The query plan shows a full table scan of EMPLOYEE table and the attached subquery will be executed for each of scanned record. So, you can see the query plan is very inefficient. If we know the union result set is small and it should be executed first, and then use EMP_ID index to retrieve EMPLOYEE table. Let me rewrite the Union subquery as a derived table expression in the following:

select *
from employee
where  emp_id in (select  emp_id
                       from    (select  emp_id
                             from     emp_subsidiary
                             where  emp_grade = 1000
                             union
                             select  emp_id
                             from     employee
                             where  emp_dept = ‘AAA’) DT1)

Now, you can see the Union subquery is executed first and use it to retrieve the EMPLOYEE table by EMP_ID index. The overall query is now become more reasonable and efficient.

This kind of rewrites can be achieved by Tosska SQL Tuning Expert for MySQL automatically, it shows that the rewrite is more than 60 times faster than the original SQL.  There are some other rewrites with even better performance, but it is a little bit complicated to discuss in this short article, let’s discuss it in my coming blogs.

https://tosska.com/tosska-sql-tuning-expert-tse-for-mysql-2/

How to Tune SQL Statement with IN List Bind Variables for MySQL?

The following is an example shows a SQL statement with a variable on the IN List operator.
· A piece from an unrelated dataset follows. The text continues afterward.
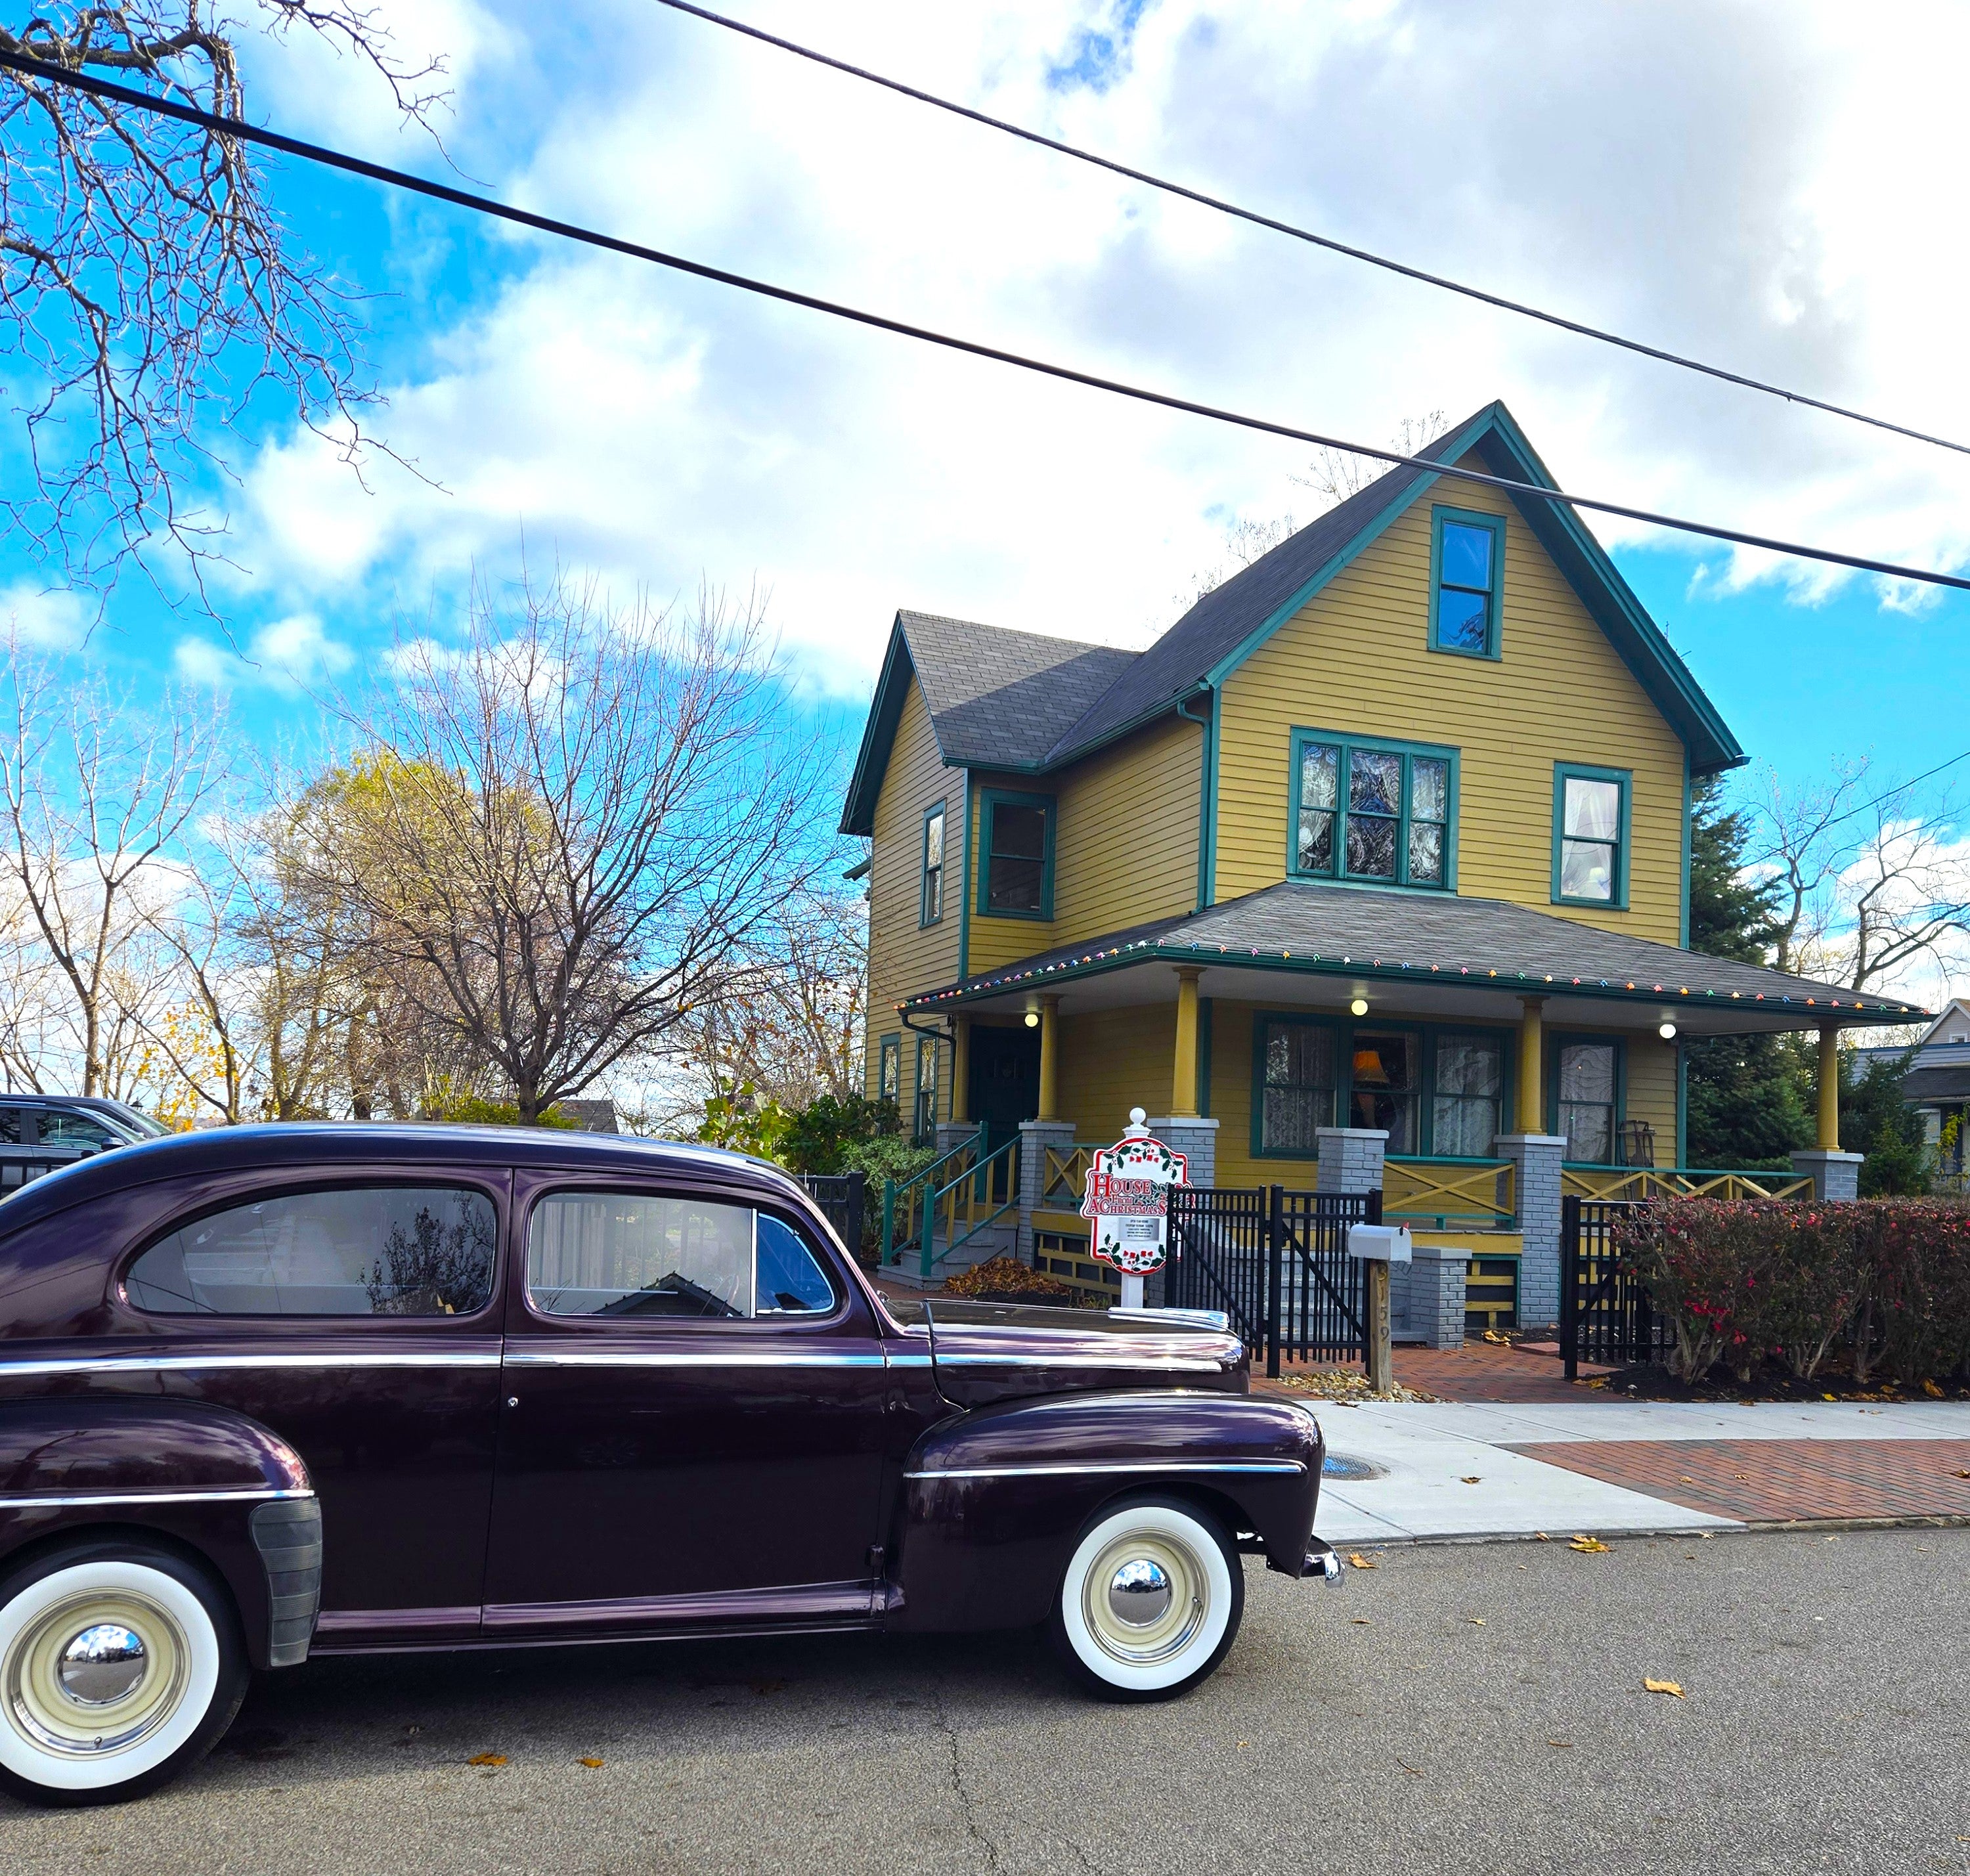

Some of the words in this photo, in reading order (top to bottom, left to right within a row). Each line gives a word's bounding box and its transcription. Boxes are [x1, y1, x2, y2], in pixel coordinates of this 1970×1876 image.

The SQL retrieve records from EMPLOYEE table that (EMP_ID,@1) should match any value in a set of values on the right-hand side.

select * from employee
where  (emp_id,@1) in ((1000000,’a’),(2000000,’b’),(3000000,’c’))

Here the following are the query plans in Tosska proprietary tree format, it takes 19 seconds to finish.

The query plan shows a full table scan of EMPLOYEE, it means MySQL cannot decompose the IN list syntax into a better syntax for cost evaluation and no index scan is used.

Let me rewrite the IN list into multiple OR conditions in the following:

select *
from     employee
where  (  (  emp_id = 1000000
           and @1 = ‘a’ )
           or ( emp_id = 2000000
              and @1 = ‘b’ )
           or ( emp_id = 3000000
              and @1 = ‘c’ ) )

Now, MySQL can utilize Single Row (constant) index search. The speed now is 0.0059 second and is much faster than original SQL.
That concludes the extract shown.